I guess ext3 is layered on top of ext2 and maybe that overhead causes some 
loss of space.  I don't know much, but this looks like a good web page for 
an overview of many file systems (you can click on a name in the left 
table margin to see a full encyclopedia entry):

http://en.wikipedia.org/wiki/Comparison_of_file_systems

Here's a related question:  The choice of file system determines if ACLs...
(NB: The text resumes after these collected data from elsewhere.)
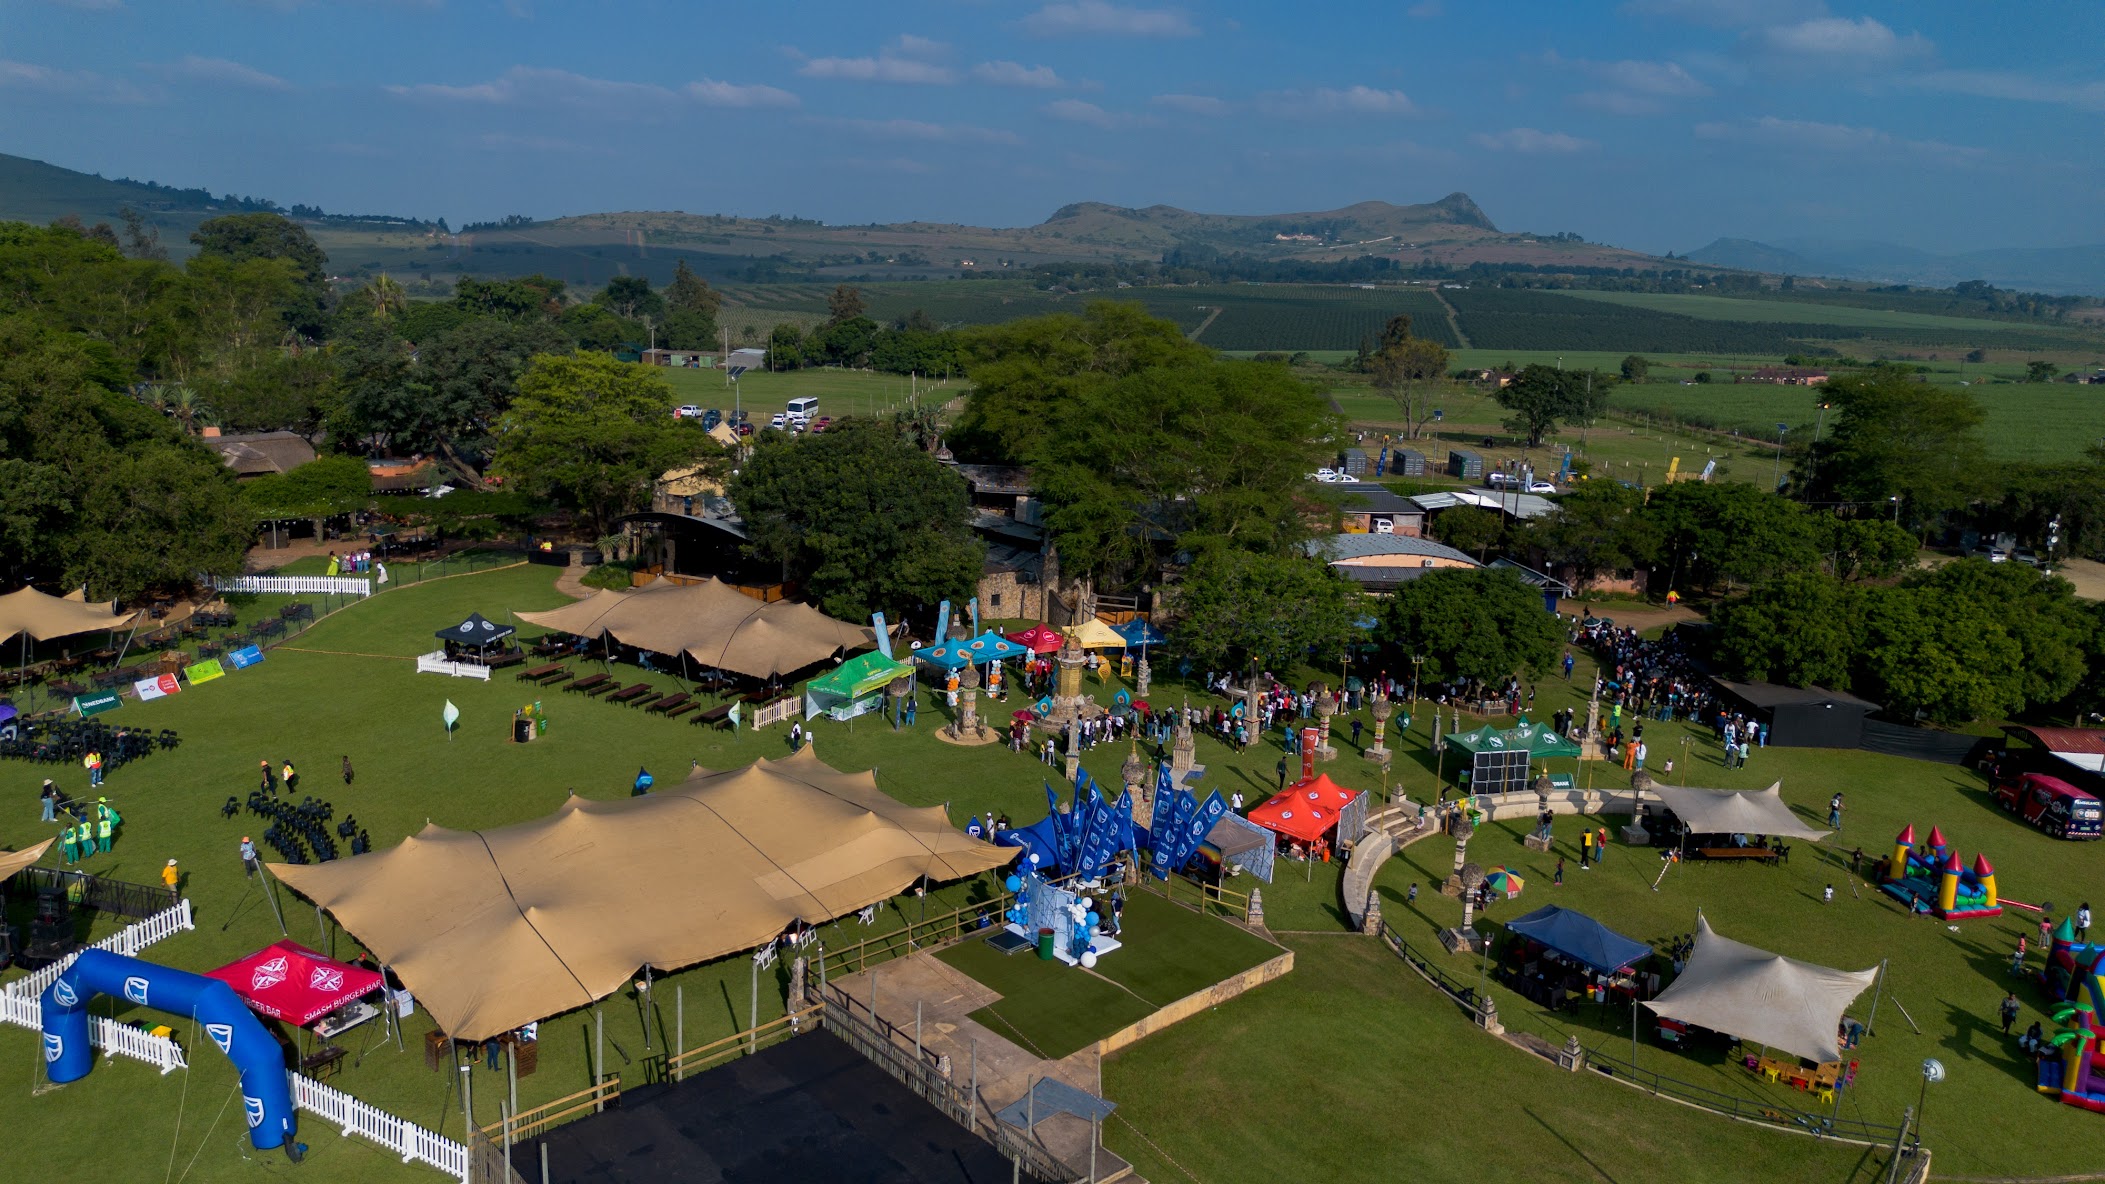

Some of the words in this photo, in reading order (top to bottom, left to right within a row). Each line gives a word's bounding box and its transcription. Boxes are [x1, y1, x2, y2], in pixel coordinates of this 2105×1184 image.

[88, 696, 115, 707] NEDBANK
[304, 1004, 332, 1021] SMASH
[333, 987, 365, 1008] BURGER
[366, 979, 381, 994] BAR
[266, 1003, 281, 1018] BAR
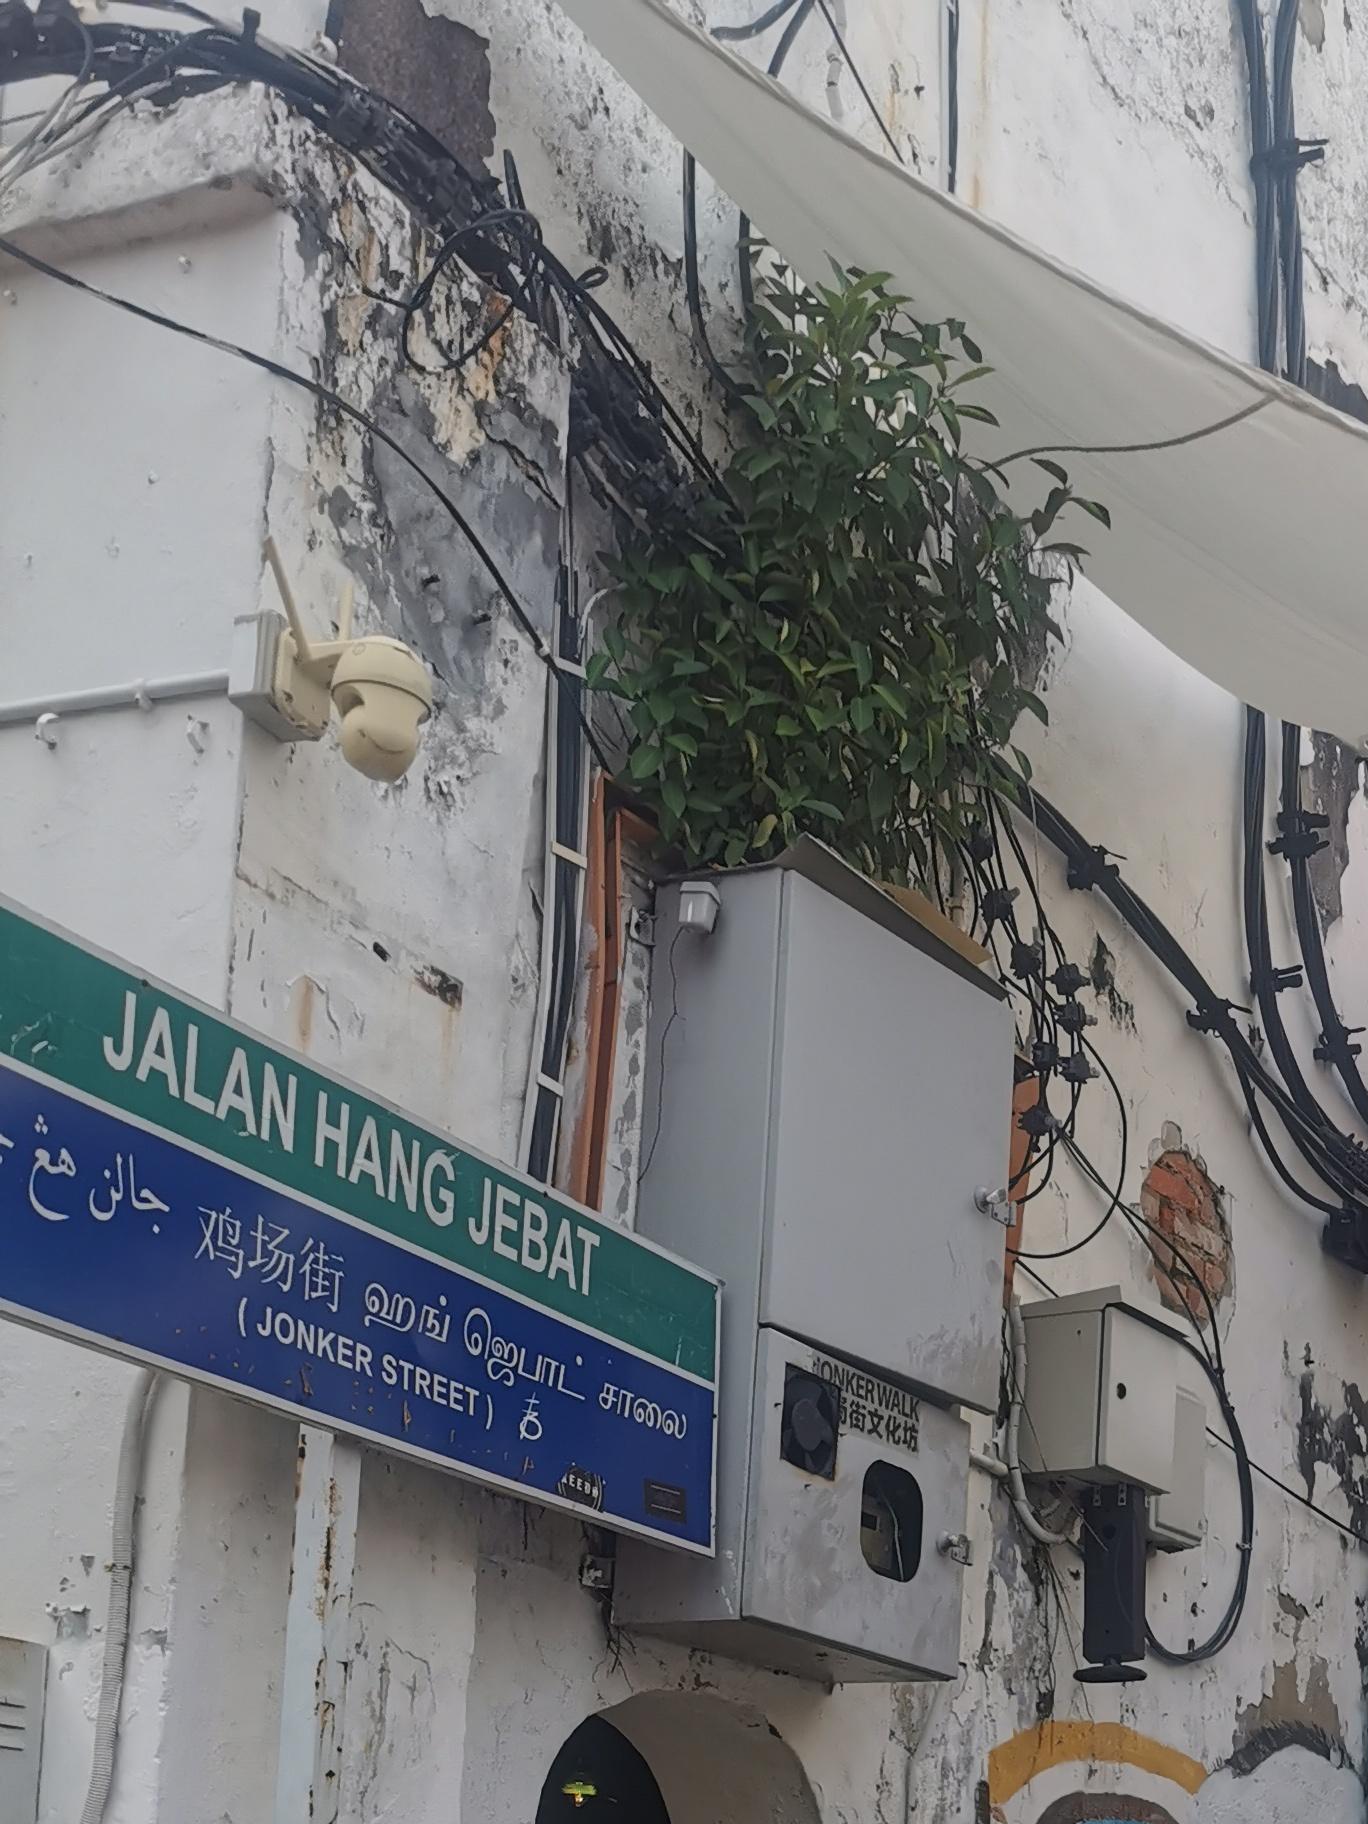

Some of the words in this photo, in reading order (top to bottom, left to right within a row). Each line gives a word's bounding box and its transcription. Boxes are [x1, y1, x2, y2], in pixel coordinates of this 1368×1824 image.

[103, 990, 298, 1154] JALAN
[313, 1090, 457, 1228] HANG
[468, 1178, 601, 1296] JEBAT
[193, 1204, 345, 1313] 鸡场街
http://en.wikipedia.org/wiki/Access_control_lists

...can be used.  What's the current status of ACLs on Linux?  Are you guys 
using ACLs?  Any tips?

According to the Wikipiedia web page file systems (URL above), ext2, ext3, 
ReiserFS, XFS and JFS all support ACLs, but I'm not sure that they all run 
on Linux (do they?) and there is this note for ext2, ext3 and ReiserFS:

   Some Installable File System drivers and operating systems may not
   support extended attributes, access control lists or security labels on
   these filesystems. Linux kernels prior to 2.6.x may either be missing
   support for these altogether or require a patch.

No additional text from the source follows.